PROMPT:
The listing below is to be copied in full, line by line.

GIVEN ENTRIES:
-----

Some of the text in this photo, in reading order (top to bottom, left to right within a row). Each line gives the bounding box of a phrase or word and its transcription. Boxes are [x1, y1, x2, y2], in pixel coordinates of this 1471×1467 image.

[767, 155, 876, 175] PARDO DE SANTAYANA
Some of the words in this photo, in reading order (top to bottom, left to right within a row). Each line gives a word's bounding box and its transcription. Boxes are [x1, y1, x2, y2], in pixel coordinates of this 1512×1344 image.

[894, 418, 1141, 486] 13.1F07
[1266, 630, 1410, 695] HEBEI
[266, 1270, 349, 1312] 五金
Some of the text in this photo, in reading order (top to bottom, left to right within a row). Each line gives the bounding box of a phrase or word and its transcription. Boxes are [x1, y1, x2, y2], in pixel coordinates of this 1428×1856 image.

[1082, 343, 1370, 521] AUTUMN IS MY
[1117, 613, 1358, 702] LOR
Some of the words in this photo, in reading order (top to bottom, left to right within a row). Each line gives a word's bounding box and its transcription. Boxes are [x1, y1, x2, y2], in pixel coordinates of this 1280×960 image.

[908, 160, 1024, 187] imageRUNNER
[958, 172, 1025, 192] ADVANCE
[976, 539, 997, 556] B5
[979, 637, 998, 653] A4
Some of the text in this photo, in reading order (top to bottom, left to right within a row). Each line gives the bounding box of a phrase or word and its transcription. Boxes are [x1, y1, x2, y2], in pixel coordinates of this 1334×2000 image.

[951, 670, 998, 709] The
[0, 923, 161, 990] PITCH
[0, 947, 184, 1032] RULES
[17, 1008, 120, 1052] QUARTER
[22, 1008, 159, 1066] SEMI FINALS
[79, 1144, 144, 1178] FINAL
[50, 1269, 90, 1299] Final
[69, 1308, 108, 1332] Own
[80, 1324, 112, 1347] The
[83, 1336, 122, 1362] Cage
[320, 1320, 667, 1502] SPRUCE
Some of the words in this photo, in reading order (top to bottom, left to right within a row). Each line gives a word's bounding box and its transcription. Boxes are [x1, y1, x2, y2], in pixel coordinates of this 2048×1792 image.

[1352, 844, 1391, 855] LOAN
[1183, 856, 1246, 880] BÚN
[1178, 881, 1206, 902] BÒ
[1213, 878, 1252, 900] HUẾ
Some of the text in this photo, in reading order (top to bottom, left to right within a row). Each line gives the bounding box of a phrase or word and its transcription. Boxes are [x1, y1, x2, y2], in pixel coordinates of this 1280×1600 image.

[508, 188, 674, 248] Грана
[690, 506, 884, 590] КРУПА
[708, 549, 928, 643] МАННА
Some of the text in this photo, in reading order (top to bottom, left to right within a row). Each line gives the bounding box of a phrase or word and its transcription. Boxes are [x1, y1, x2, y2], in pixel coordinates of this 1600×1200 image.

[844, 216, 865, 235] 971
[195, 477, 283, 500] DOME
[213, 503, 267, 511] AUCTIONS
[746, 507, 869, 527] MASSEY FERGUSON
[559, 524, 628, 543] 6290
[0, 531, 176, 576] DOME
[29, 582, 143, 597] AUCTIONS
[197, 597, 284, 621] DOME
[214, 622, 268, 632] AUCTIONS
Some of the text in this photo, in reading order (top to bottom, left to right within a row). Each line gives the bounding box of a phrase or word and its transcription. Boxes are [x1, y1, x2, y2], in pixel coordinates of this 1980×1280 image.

-----

TASK OUTPUT:
Some of the text in this photo, in reading order (top to bottom, left to right within a row). Each line gives the bounding box of a phrase or word and its transcription. Boxes are [x1, y1, x2, y2], in pixel coordinates of this 1471×1467 image.

[767, 155, 876, 175] PARDO DE SANTAYANA
Some of the words in this photo, in reading order (top to bottom, left to right within a row). Each line gives a word's bounding box and its transcription. Boxes are [x1, y1, x2, y2], in pixel coordinates of this 1512×1344 image.

[894, 418, 1141, 486] 13.1F07
[1266, 630, 1410, 695] HEBEI
[266, 1270, 349, 1312] 五金
Some of the text in this photo, in reading order (top to bottom, left to right within a row). Each line gives the bounding box of a phrase or word and its transcription. Boxes are [x1, y1, x2, y2], in pixel coordinates of this 1428×1856 image.

[1082, 343, 1370, 521] AUTUMN IS MY
[1117, 613, 1358, 702] LOR
Some of the words in this photo, in reading order (top to bottom, left to right within a row). Each line gives a word's bounding box and its transcription. Boxes are [x1, y1, x2, y2], in pixel coordinates of this 1280×960 image.

[908, 160, 1024, 187] imageRUNNER
[958, 172, 1025, 192] ADVANCE
[976, 539, 997, 556] B5
[979, 637, 998, 653] A4
Some of the text in this photo, in reading order (top to bottom, left to right within a row). Each line gives the bounding box of a phrase or word and its transcription. Boxes are [x1, y1, x2, y2], in pixel coordinates of this 1334×2000 image.

[951, 670, 998, 709] The
[0, 923, 161, 990] PITCH
[0, 947, 184, 1032] RULES
[17, 1008, 120, 1052] QUARTER
[22, 1008, 159, 1066] SEMI FINALS
[79, 1144, 144, 1178] FINAL
[50, 1269, 90, 1299] Final
[69, 1308, 108, 1332] Own
[80, 1324, 112, 1347] The
[83, 1336, 122, 1362] Cage
[320, 1320, 667, 1502] SPRUCE
Some of the words in this photo, in reading order (top to bottom, left to right within a row). Each line gives a word's bounding box and its transcription. Boxes are [x1, y1, x2, y2], in pixel coordinates of this 2048×1792 image.

[1352, 844, 1391, 855] LOAN
[1183, 856, 1246, 880] BÚN
[1178, 881, 1206, 902] BÒ
[1213, 878, 1252, 900] HUẾ
Some of the text in this photo, in reading order (top to bottom, left to right within a row). Each line gives the bounding box of a phrase or word and its transcription. Boxes are [x1, y1, x2, y2], in pixel coordinates of this 1280×1600 image.

[508, 188, 674, 248] Грана
[690, 506, 884, 590] КРУПА
[708, 549, 928, 643] МАННА
Some of the text in this photo, in reading order (top to bottom, left to right within a row). Each line gives the bounding box of a phrase or word and its transcription. Boxes are [x1, y1, x2, y2], in pixel coordinates of this 1600×1200 image.

[844, 216, 865, 235] 971
[195, 477, 283, 500] DOME
[213, 503, 267, 511] AUCTIONS
[746, 507, 869, 527] MASSEY FERGUSON
[559, 524, 628, 543] 6290
[0, 531, 176, 576] DOME
[29, 582, 143, 597] AUCTIONS
[197, 597, 284, 621] DOME
[214, 622, 268, 632] AUCTIONS
Some of the text in this photo, in reading order (top to bottom, left to right within a row). Each line gives the bounding box of a phrase or word and its transcription. Boxes are [x1, y1, x2, y2], in pixel coordinates of this 1980×1280 image.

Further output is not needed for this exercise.